- IOC code: SUR
- NOC: Surinaams Olympisch Comité

in Lima, Peru 26 July–11 August, 2019
- Competitors: 6 in 4 sports
- Flag bearer: Dylan Darmohoetomo (opening)
- Medals: Gold 0 Silver 0 Bronze 0 Total 0

Pan American Games appearances (overview)
- 1971; 1975; 1979; 1983; 1987; 1991; 1995; 1999; 2003; 2007; 2011; 2015; 2019; 2023;

= Suriname at the 2019 Pan American Games =

Suriname competed at the 2019 Pan American Games in Lima, Peru from July 26 to August 11, 2019.

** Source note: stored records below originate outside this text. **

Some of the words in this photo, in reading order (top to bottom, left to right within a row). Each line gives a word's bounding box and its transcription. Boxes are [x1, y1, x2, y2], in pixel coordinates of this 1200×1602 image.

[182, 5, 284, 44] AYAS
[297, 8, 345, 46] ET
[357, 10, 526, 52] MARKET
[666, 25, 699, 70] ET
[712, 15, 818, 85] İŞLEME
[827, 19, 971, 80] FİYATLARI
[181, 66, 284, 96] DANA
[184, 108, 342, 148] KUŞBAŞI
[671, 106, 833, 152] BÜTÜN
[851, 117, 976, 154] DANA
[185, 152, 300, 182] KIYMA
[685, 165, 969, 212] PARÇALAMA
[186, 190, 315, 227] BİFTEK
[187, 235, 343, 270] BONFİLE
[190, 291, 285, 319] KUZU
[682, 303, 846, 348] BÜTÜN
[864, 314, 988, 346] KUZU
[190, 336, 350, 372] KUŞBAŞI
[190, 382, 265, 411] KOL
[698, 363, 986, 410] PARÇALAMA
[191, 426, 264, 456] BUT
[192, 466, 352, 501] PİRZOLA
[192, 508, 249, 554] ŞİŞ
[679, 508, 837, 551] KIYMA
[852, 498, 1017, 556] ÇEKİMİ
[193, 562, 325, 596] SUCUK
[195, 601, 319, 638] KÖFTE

The Suriname team consisted of six athletes (five men and one woman) competing in four sports. Triple jumper Miguel Van Assen had to withdraw from the team due to injury. During the opening ceremony of the games, badminton player Dylan Darmohoetomo carried the flag of the country as part of the parade of nations.

==Competitors==
The following is the list of number of competitors (per gender) participating at the games per sport/discipline.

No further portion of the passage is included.